Ítalo Calvino, em As cidades invisíveis, disse que uma cidade comporta muitas. A constituição urbana atual aponta para relações vivenciadas no espaço urbano e para as distintas formas como a cidade foi construída e habitada no passado. O fenômeno urbano acontece por meio do acúmulo de bens arquitetônicos com significados socialmente construídos, que materializam a memória das cidades e representam concepções e escolhas no sentido de modificação do ambiente pelo homem. Em Itabirito, a trajetória urbana ficou marcada nas construções que resistiram ao tempo e atualmente algumas são consagradas como patrimônio.
Entende-se a patrimonialização arquitetônica como parte do processo de afirmação de uma memória material da/para a cidade que se fundamenta na legitimidade social dos agentes responsáveis pela nomeação dos bens patrimoniais. Assim, o patrimônio constitui-se como campo de forças sociais e simbólicas, sendo que os sentidos atribuídos aos bens culturais em diferentes contextos expressam os pontos de vista conceituais sobre o patrimônio, assim como as aspirações subjetivas que orientaram a patrimonialização. A conceituação do patrimônio refere-se à construção social de símbolos coletivos, baseados em valores particulares e arbitrários, que pretendem atribuir sentido ao mundo social por meio da classificação de elementos do passado que recriam a história. Os elementos culturais patrimonializados adquirem, portanto, uma dimensão simbólica por meio dos ritos de instituição que produzem o patrimônio.

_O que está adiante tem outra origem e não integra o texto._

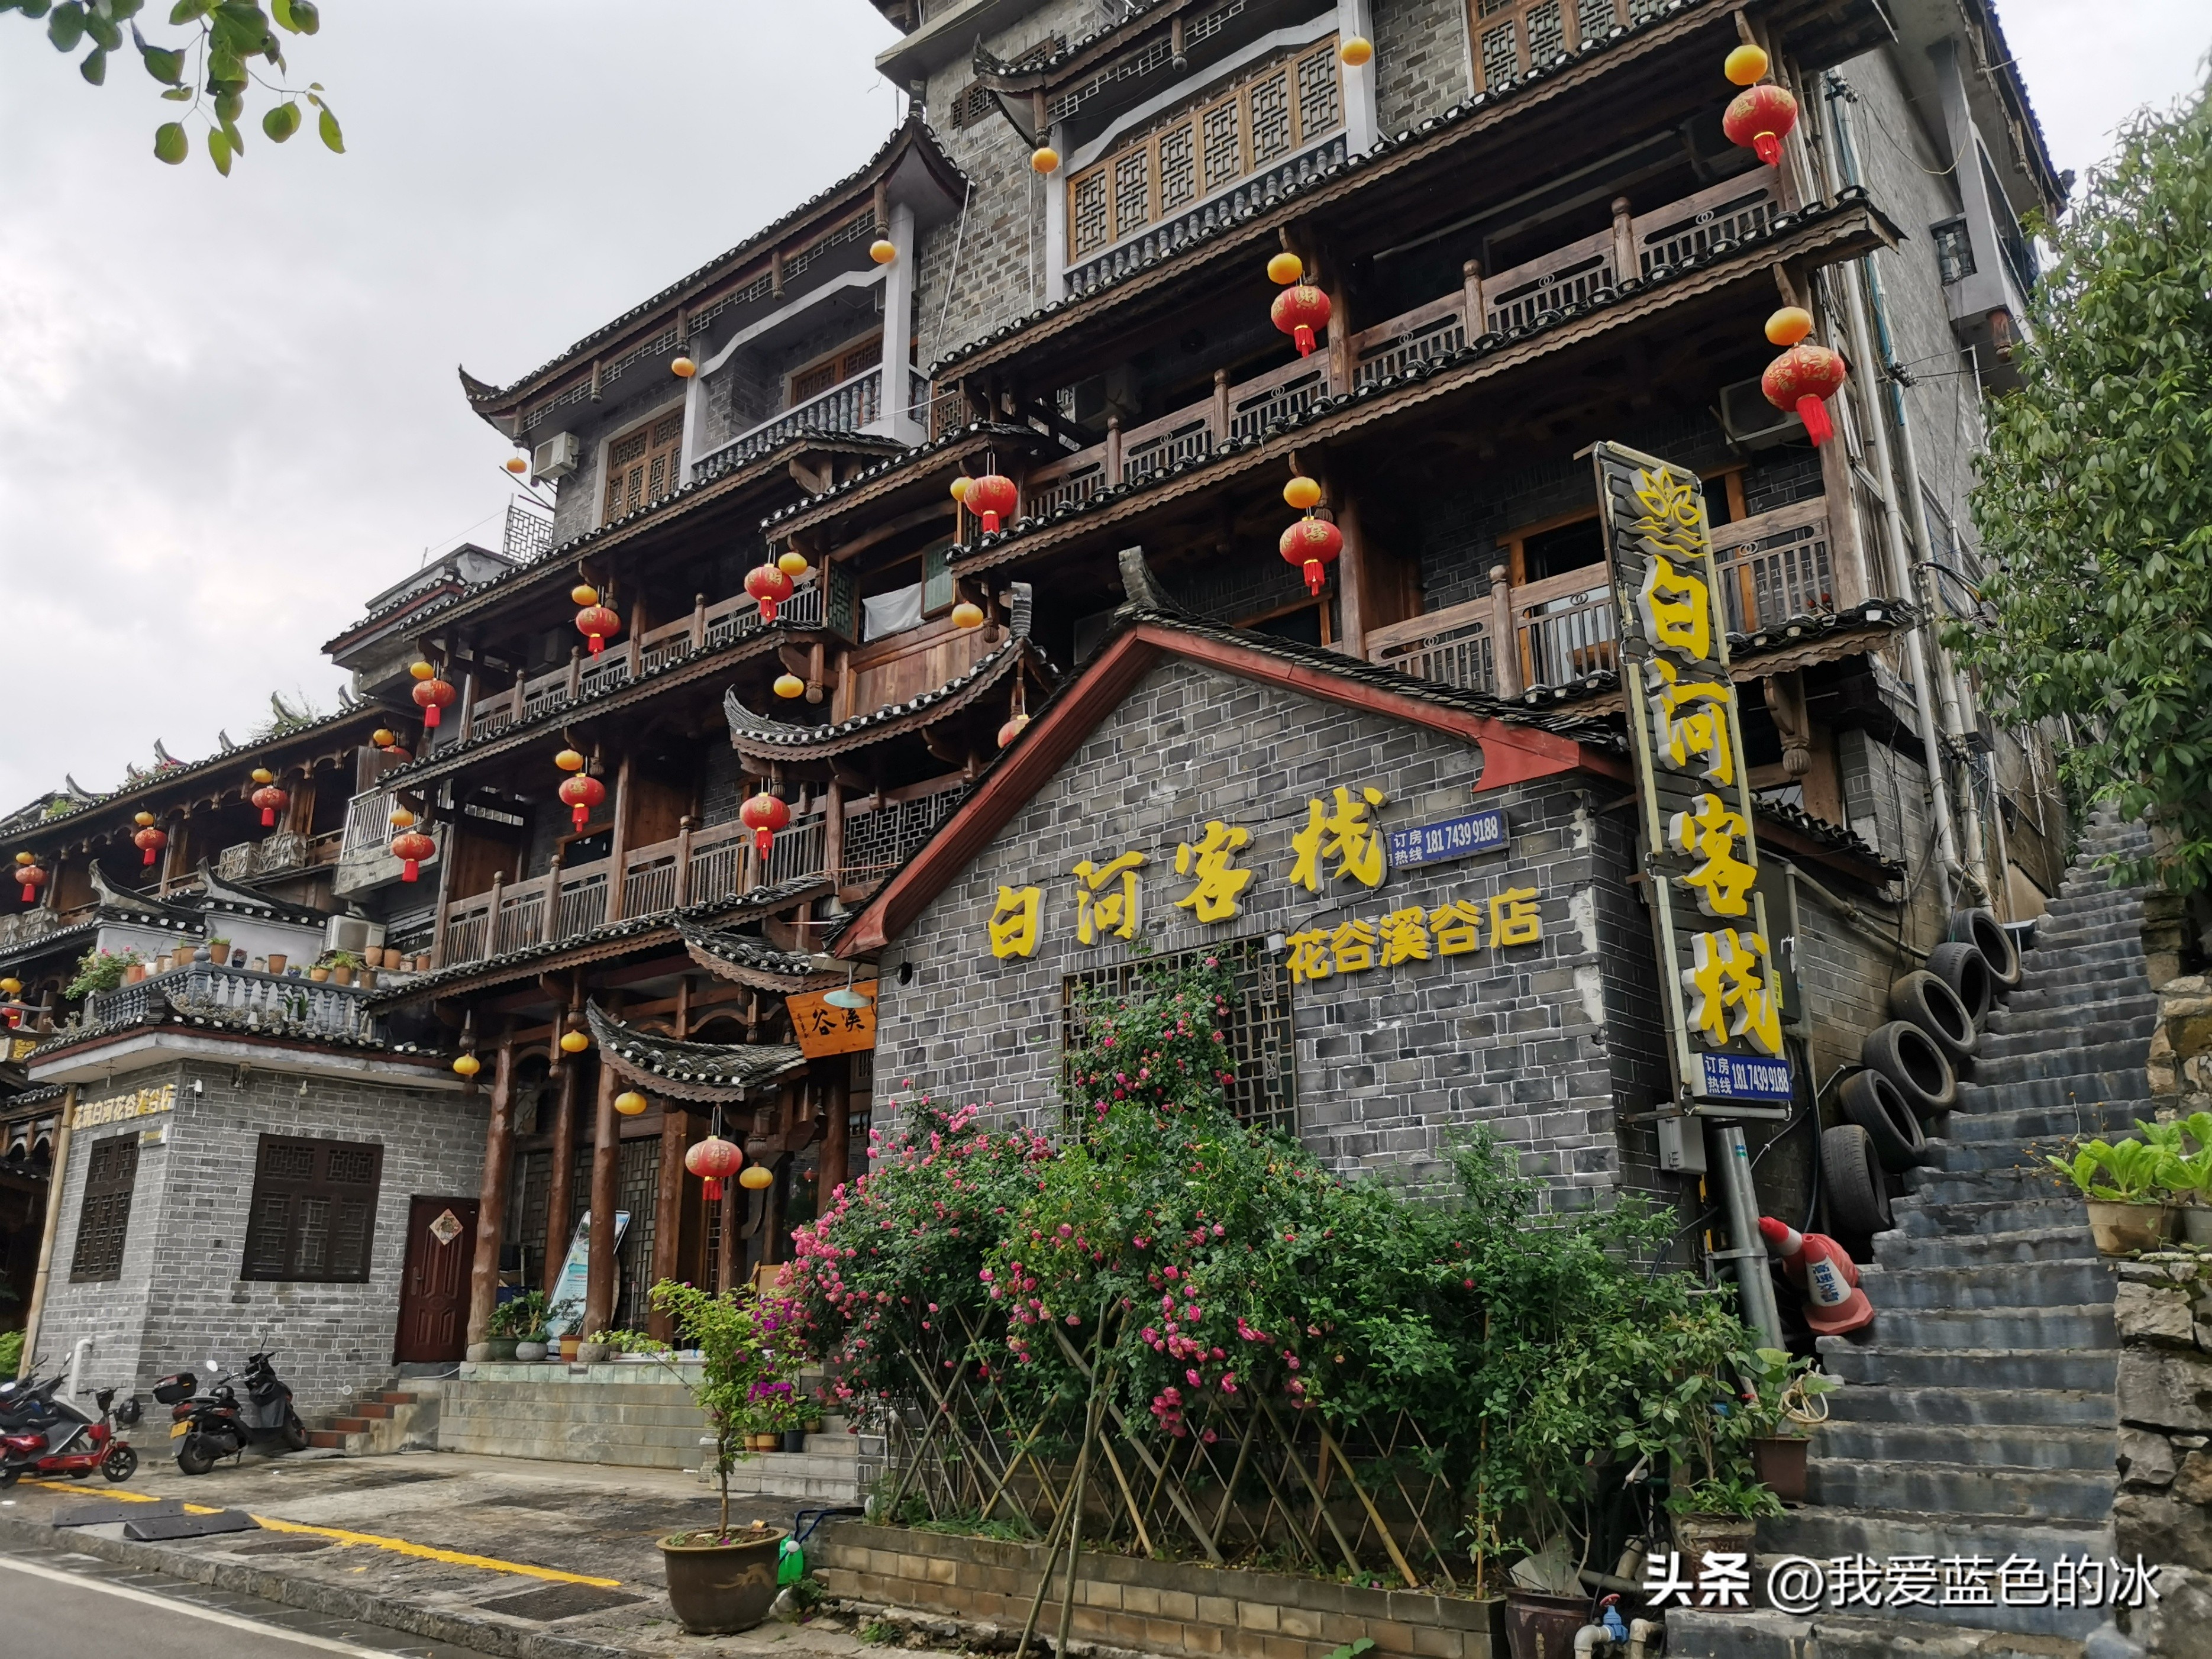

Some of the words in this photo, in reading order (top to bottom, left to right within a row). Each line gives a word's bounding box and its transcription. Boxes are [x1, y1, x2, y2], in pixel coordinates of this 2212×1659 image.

[1646, 554, 1780, 1053] 白河客栈
[1394, 830, 1422, 848] 订房
[1426, 829, 1444, 854] 181
[1445, 822, 1471, 850] 7439
[1472, 815, 1499, 844] 9188
[1394, 846, 1423, 866] 热线
[987, 787, 1388, 959] 白河客栈
[1286, 886, 1543, 983] 花谷溪谷店
[1705, 1056, 1729, 1075] 订房
[1732, 1063, 1748, 1090] 181
[1747, 1064, 1768, 1092] 7439
[1768, 1066, 1790, 1093] 9188
[1707, 1076, 1732, 1095] 热线

Nesta perspectiva, questiona-se: Qual história pretende-se contar pelas construções que preenchem as ruas de Itabirito? A quais grupos sociais elas representam? Quais os sentidos desses espaços para seus moradores e para os demais cidadãos urbanos? A construção do patrimônio arquitetônico da cidade indica alguns indícios sobre a função social da memória atribuída às construções pelos gestores públicos do patrimônio, apesar de pouco se conhecer o alcance dos sentidos da preservação arquitetônica na cidade.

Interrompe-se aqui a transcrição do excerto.